Today films, television, popular songs, even advertising convey the impression that love is primarily a physical thing and attraction is enough to maintain an enduring relationship. Of course physical attraction is essential but impressions must then be reinforced by honest insights of a persons character if we are to be able to share our deepest thoughts; hopes, dreams, fears and failures with our loved ones and friends knowing that they will empathies, reassure and affirm, builds appreciation, trust and respect.
Words express our emotions, our inspiration, our perspective, our joy, our rage a different sort of power.
Shelly’s “Loves Philosophy” a poem on physical love written a hundred years ago touches hearts and minds in a wholly different way than Churchill or Luther King (please see my previous blog), he is not trying to persuade nations it is much more personal.

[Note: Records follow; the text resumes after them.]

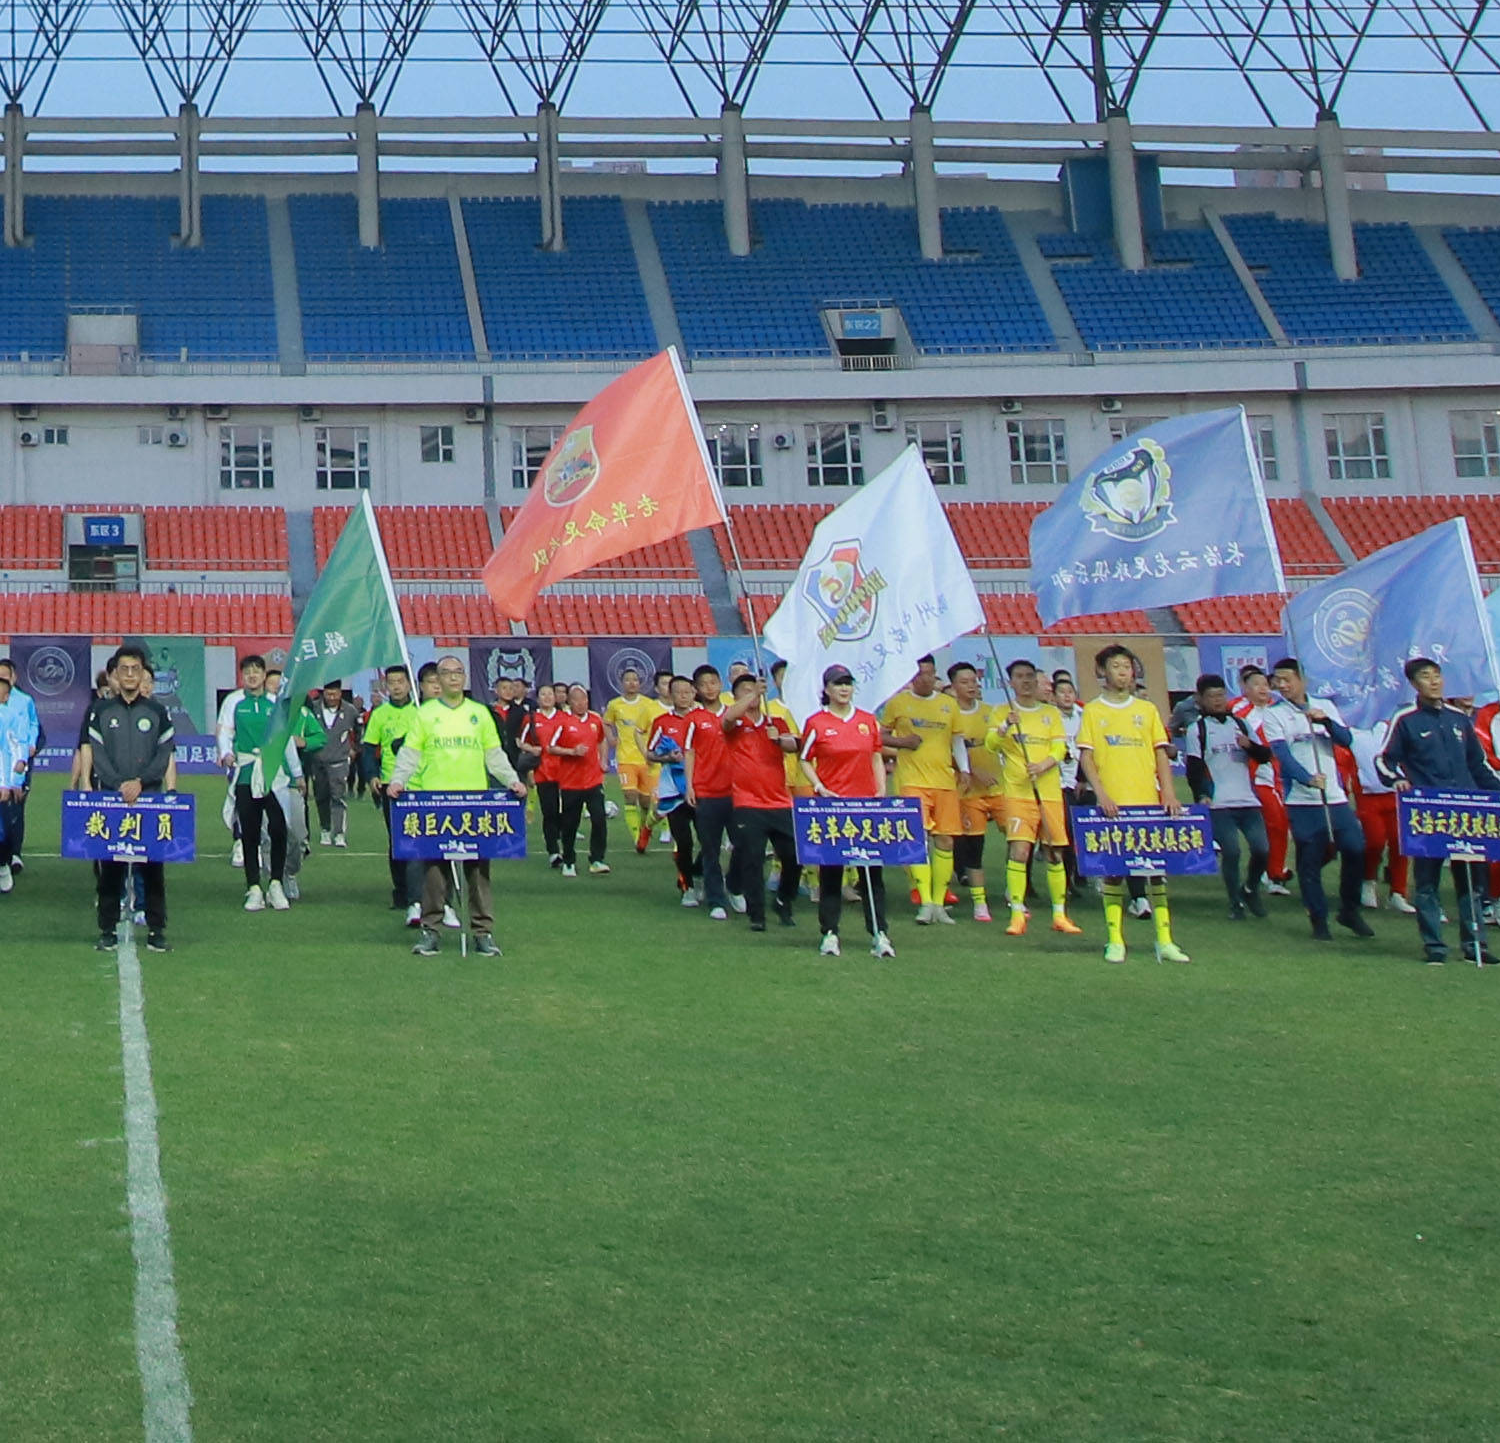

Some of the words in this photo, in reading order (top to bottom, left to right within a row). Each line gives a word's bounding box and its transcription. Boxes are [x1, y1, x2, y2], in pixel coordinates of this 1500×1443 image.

[90, 524, 120, 537] 东区3
[85, 810, 174, 840] 裁判员
[403, 810, 516, 839] 绿巨人足球队
[806, 815, 916, 846] 老革命足球队
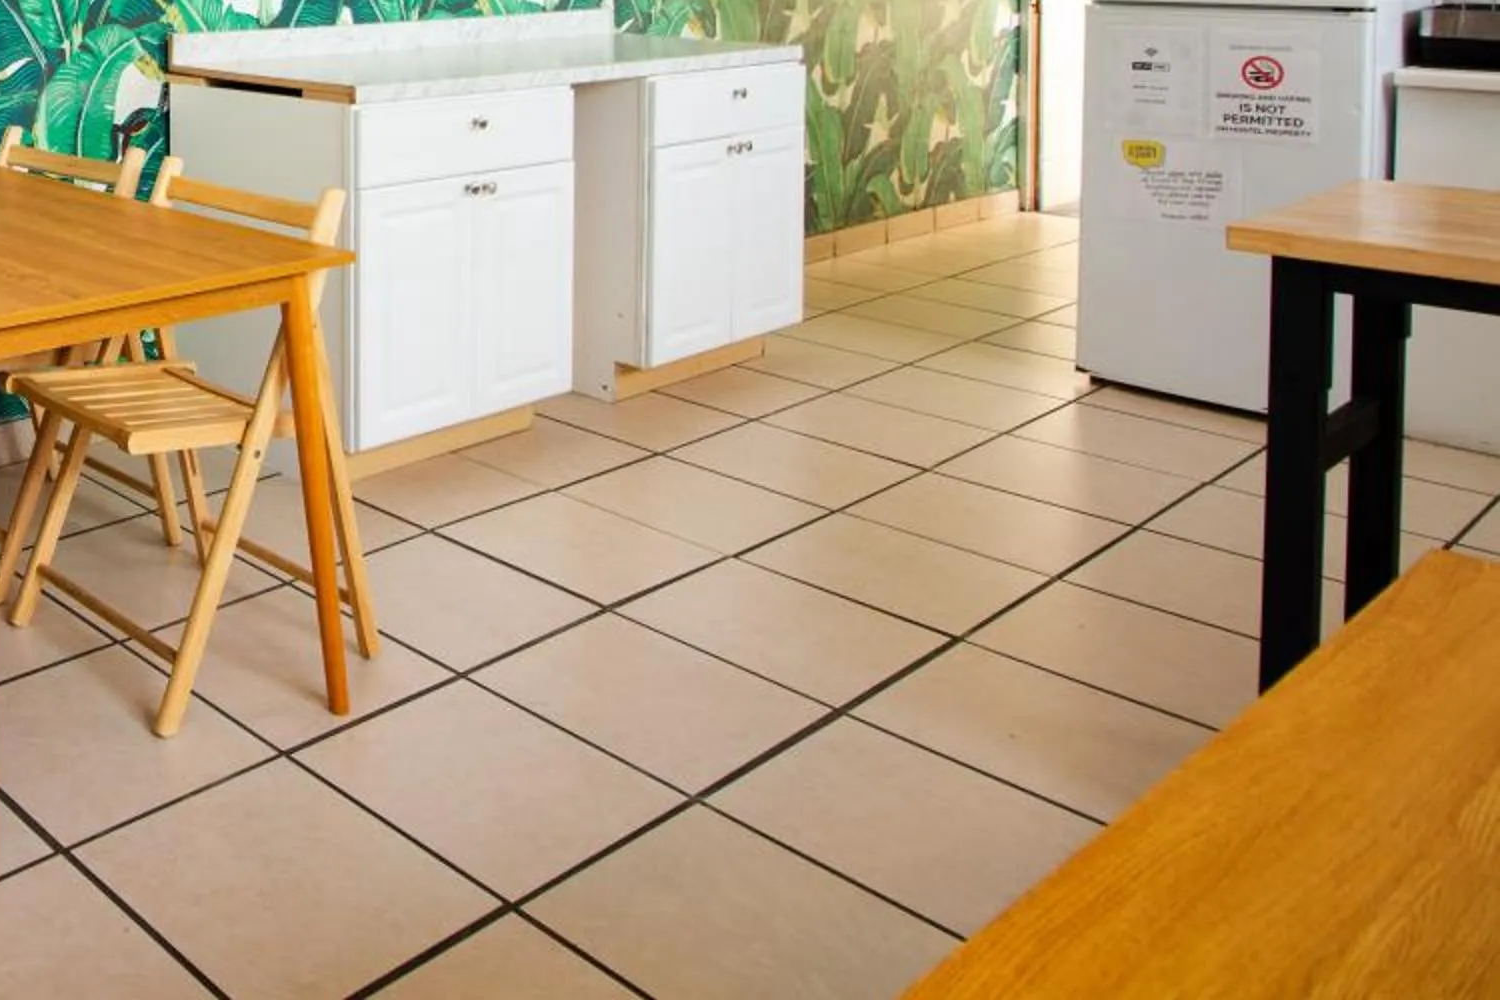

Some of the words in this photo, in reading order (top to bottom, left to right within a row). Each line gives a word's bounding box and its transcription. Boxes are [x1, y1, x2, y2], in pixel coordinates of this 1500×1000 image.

[1239, 103, 1253, 113] IS
[1255, 104, 1286, 115] NOT
[1223, 113, 1304, 128] PERMITTED
[1265, 128, 1311, 137] PROPERTY
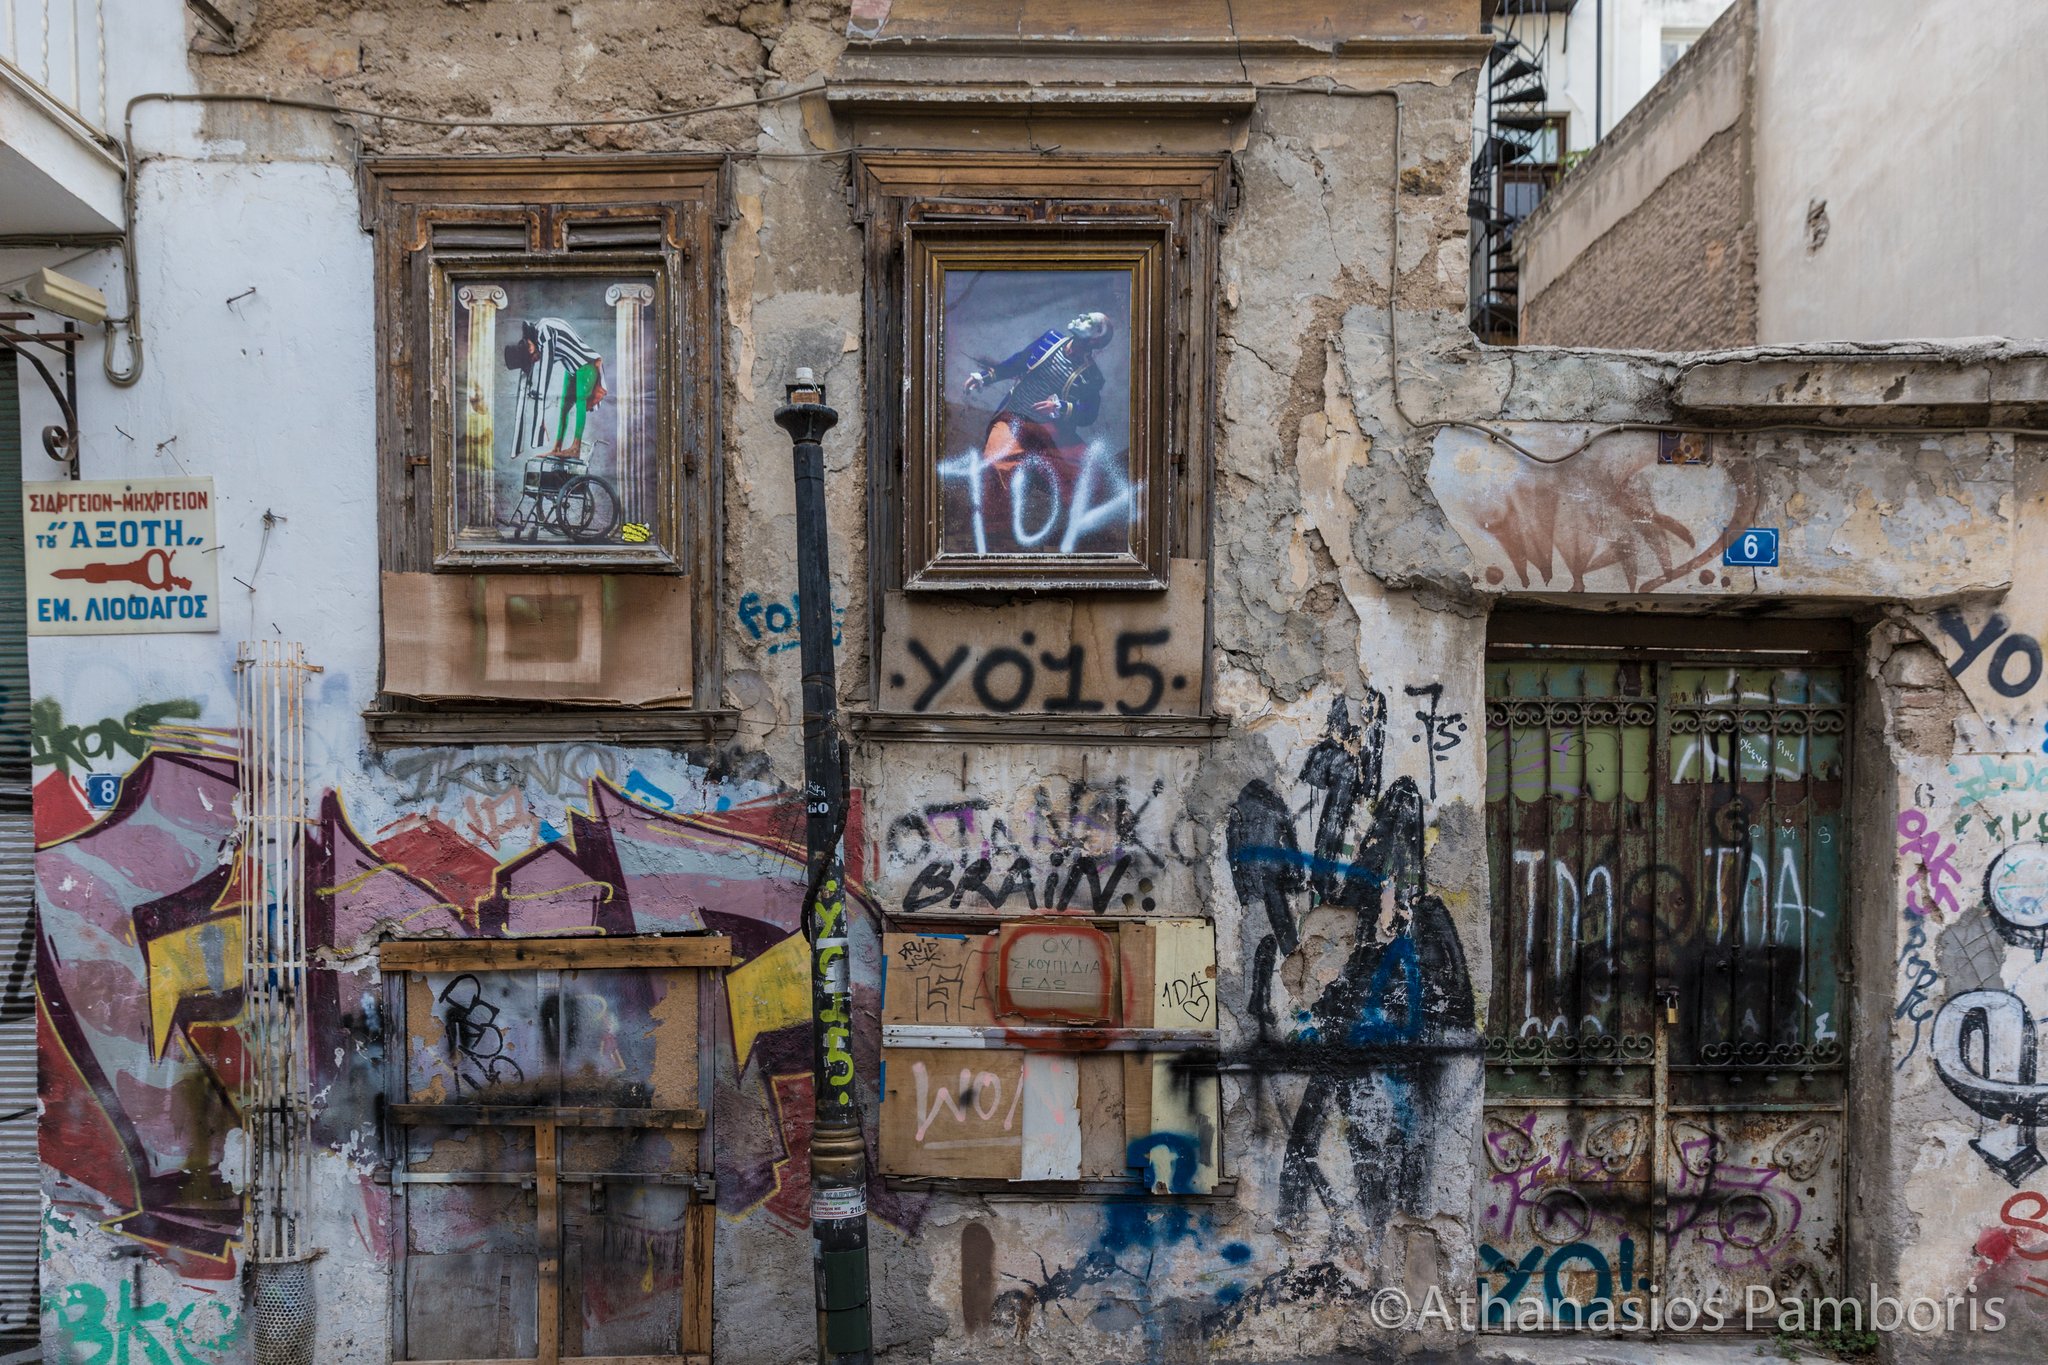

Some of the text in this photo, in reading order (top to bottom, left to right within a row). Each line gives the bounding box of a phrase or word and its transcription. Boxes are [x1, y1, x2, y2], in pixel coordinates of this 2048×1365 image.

[1743, 533, 1759, 561] 6
[37, 594, 208, 622] ΕΜ. ΛΙΟΦΑΓΟΣ
[101, 779, 116, 803] 8
[1011, 957, 1101, 975] ΣΚΟΥΠΙΔΙΑ

The fountains mingle with the river
And the river with the ocean,
The winds of Heaven mix for ever with a sweet emotion:
Nothing in the world is single,
All things by a divine law in one spirit meet and mingle –
Why not I with thine?

See the mountains kiss high Heaven
And the waves clasp one another;
No sister-flower would be forgiven
If it disdained its brother;
And the sunlight clasps the earth
And the moonbeams kiss the sea –
What are all these kissings worth if thou kiss not me?

Shelly’s poem is about physical love he does not allude to the character of his beloved. His friend, and sometimes notorious womaniser, Byron wrote a poem also about physical beauty but he ends with recognizing that the character of the lady is part of her beauty.
She walks in beauty, like the night
Of cloudless climes and starry skies;
And all that’s best of dark and bright
Meet in her aspect and her eyes:
Thus mellow’d to that tender light
Which heaven to gaudy day denies.

One shade the more, one ray the less,
Had half impaired the nameless grace
Which waves in every raven tress,
Or softly lightens o’er her face;
Where thoughts serenely sweet express
How pure, how dear their dwelling-place.

And on that cheek, and o’er that brow,
So soft, so calm, yet eloquent,
The smiles that win, the tints that glow,
But tell of days in goodness spent,
A mind at peace with all below,
A heart whose love is innocent!

The “Love language” of unconditional love, written thousands of years before either Shelly’s or Byron’s poems. is about human character and is still touching hearts and minds and changing the world today.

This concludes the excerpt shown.